■ What you are asked to do
Type out all the records again exactly.

╭─ Data under study

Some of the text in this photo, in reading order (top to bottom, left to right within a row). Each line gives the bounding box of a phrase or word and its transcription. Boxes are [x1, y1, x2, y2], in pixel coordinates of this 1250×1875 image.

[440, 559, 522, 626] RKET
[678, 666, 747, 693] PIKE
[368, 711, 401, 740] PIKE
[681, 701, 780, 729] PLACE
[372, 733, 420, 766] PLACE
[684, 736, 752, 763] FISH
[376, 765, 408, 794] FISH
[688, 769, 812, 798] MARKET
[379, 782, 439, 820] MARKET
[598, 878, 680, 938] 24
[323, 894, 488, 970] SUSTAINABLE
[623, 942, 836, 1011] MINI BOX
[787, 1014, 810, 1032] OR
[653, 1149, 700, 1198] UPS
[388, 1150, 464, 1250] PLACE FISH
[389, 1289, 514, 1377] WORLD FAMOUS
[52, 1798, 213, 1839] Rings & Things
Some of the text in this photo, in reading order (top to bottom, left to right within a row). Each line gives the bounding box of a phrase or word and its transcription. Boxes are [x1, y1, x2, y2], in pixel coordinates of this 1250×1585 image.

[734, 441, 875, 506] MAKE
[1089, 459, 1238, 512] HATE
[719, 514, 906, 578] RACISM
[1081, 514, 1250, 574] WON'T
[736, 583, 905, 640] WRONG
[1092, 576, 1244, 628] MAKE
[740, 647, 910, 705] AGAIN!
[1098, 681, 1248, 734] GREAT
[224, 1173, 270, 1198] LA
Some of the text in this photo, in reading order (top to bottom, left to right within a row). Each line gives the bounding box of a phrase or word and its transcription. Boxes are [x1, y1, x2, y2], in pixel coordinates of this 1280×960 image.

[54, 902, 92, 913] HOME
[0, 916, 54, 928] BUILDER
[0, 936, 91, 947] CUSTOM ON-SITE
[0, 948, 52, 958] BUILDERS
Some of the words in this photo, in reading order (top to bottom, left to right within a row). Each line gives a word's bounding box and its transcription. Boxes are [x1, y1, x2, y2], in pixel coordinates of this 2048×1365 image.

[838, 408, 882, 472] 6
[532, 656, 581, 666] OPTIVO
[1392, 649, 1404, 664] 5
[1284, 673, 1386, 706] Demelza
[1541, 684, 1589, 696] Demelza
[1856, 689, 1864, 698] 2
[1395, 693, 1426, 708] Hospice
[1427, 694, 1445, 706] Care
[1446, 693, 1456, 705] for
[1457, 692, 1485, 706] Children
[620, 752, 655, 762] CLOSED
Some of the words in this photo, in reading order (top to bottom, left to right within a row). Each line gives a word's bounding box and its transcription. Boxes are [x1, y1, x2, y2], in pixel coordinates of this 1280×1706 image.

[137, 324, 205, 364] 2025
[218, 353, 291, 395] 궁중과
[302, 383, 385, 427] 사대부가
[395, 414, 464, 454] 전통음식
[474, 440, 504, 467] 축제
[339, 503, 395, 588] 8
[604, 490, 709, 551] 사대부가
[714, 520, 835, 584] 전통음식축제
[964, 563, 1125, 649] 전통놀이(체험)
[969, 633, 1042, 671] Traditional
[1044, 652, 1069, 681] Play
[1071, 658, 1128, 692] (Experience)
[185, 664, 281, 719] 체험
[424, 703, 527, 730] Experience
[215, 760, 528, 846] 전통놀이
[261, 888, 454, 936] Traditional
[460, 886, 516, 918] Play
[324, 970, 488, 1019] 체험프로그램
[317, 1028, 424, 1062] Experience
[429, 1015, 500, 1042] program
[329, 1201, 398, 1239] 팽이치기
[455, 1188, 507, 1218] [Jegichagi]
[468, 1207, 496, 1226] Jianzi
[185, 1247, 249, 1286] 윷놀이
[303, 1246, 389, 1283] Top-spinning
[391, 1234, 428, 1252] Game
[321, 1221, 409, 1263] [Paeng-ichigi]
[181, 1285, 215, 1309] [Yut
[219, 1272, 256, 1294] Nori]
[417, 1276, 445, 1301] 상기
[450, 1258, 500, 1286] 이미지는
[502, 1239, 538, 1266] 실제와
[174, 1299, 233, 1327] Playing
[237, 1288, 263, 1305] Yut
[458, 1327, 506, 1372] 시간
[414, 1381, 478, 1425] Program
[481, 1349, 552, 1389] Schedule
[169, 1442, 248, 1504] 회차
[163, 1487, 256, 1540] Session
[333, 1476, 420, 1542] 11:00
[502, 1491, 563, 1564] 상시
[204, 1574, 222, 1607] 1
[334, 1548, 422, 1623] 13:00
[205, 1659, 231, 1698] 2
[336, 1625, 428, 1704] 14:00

╰─

■ Output below
Some of the text in this photo, in reading order (top to bottom, left to right within a row). Each line gives the bounding box of a phrase or word and its transcription. Boxes are [x1, y1, x2, y2], in pixel coordinates of this 1250×1875 image.

[440, 559, 522, 626] RKET
[678, 666, 747, 693] PIKE
[368, 711, 401, 740] PIKE
[681, 701, 780, 729] PLACE
[372, 733, 420, 766] PLACE
[684, 736, 752, 763] FISH
[376, 765, 408, 794] FISH
[688, 769, 812, 798] MARKET
[379, 782, 439, 820] MARKET
[598, 878, 680, 938] 24
[323, 894, 488, 970] SUSTAINABLE
[623, 942, 836, 1011] MINI BOX
[787, 1014, 810, 1032] OR
[653, 1149, 700, 1198] UPS
[388, 1150, 464, 1250] PLACE FISH
[389, 1289, 514, 1377] WORLD FAMOUS
[52, 1798, 213, 1839] Rings & Things
Some of the text in this photo, in reading order (top to bottom, left to right within a row). Each line gives the bounding box of a phrase or word and its transcription. Boxes are [x1, y1, x2, y2], in pixel coordinates of this 1250×1585 image.

[734, 441, 875, 506] MAKE
[1089, 459, 1238, 512] HATE
[719, 514, 906, 578] RACISM
[1081, 514, 1250, 574] WON'T
[736, 583, 905, 640] WRONG
[1092, 576, 1244, 628] MAKE
[740, 647, 910, 705] AGAIN!
[1098, 681, 1248, 734] GREAT
[224, 1173, 270, 1198] LA
Some of the text in this photo, in reading order (top to bottom, left to right within a row). Each line gives the bounding box of a phrase or word and its transcription. Boxes are [x1, y1, x2, y2], in pixel coordinates of this 1280×960 image.

[54, 902, 92, 913] HOME
[0, 916, 54, 928] BUILDER
[0, 936, 91, 947] CUSTOM ON-SITE
[0, 948, 52, 958] BUILDERS
Some of the words in this photo, in reading order (top to bottom, left to right within a row). Each line gives a word's bounding box and its transcription. Boxes are [x1, y1, x2, y2], in pixel coordinates of this 2048×1365 image.

[838, 408, 882, 472] 6
[532, 656, 581, 666] OPTIVO
[1392, 649, 1404, 664] 5
[1284, 673, 1386, 706] Demelza
[1541, 684, 1589, 696] Demelza
[1856, 689, 1864, 698] 2
[1395, 693, 1426, 708] Hospice
[1427, 694, 1445, 706] Care
[1446, 693, 1456, 705] for
[1457, 692, 1485, 706] Children
[620, 752, 655, 762] CLOSED
Some of the words in this photo, in reading order (top to bottom, left to right within a row). Each line gives a word's bounding box and its transcription. Boxes are [x1, y1, x2, y2], in pixel coordinates of this 1280×1706 image.

[137, 324, 205, 364] 2025
[218, 353, 291, 395] 궁중과
[302, 383, 385, 427] 사대부가
[395, 414, 464, 454] 전통음식
[474, 440, 504, 467] 축제
[339, 503, 395, 588] 8
[604, 490, 709, 551] 사대부가
[714, 520, 835, 584] 전통음식축제
[964, 563, 1125, 649] 전통놀이(체험)
[969, 633, 1042, 671] Traditional
[1044, 652, 1069, 681] Play
[1071, 658, 1128, 692] (Experience)
[185, 664, 281, 719] 체험
[424, 703, 527, 730] Experience
[215, 760, 528, 846] 전통놀이
[261, 888, 454, 936] Traditional
[460, 886, 516, 918] Play
[324, 970, 488, 1019] 체험프로그램
[317, 1028, 424, 1062] Experience
[429, 1015, 500, 1042] program
[329, 1201, 398, 1239] 팽이치기
[455, 1188, 507, 1218] [Jegichagi]
[468, 1207, 496, 1226] Jianzi
[185, 1247, 249, 1286] 윷놀이
[303, 1246, 389, 1283] Top-spinning
[391, 1234, 428, 1252] Game
[321, 1221, 409, 1263] [Paeng-ichigi]
[181, 1285, 215, 1309] [Yut
[219, 1272, 256, 1294] Nori]
[417, 1276, 445, 1301] 상기
[450, 1258, 500, 1286] 이미지는
[502, 1239, 538, 1266] 실제와
[174, 1299, 233, 1327] Playing
[237, 1288, 263, 1305] Yut
[458, 1327, 506, 1372] 시간
[414, 1381, 478, 1425] Program
[481, 1349, 552, 1389] Schedule
[169, 1442, 248, 1504] 회차
[163, 1487, 256, 1540] Session
[333, 1476, 420, 1542] 11:00
[502, 1491, 563, 1564] 상시
[204, 1574, 222, 1607] 1
[334, 1548, 422, 1623] 13:00
[205, 1659, 231, 1698] 2
[336, 1625, 428, 1704] 14:00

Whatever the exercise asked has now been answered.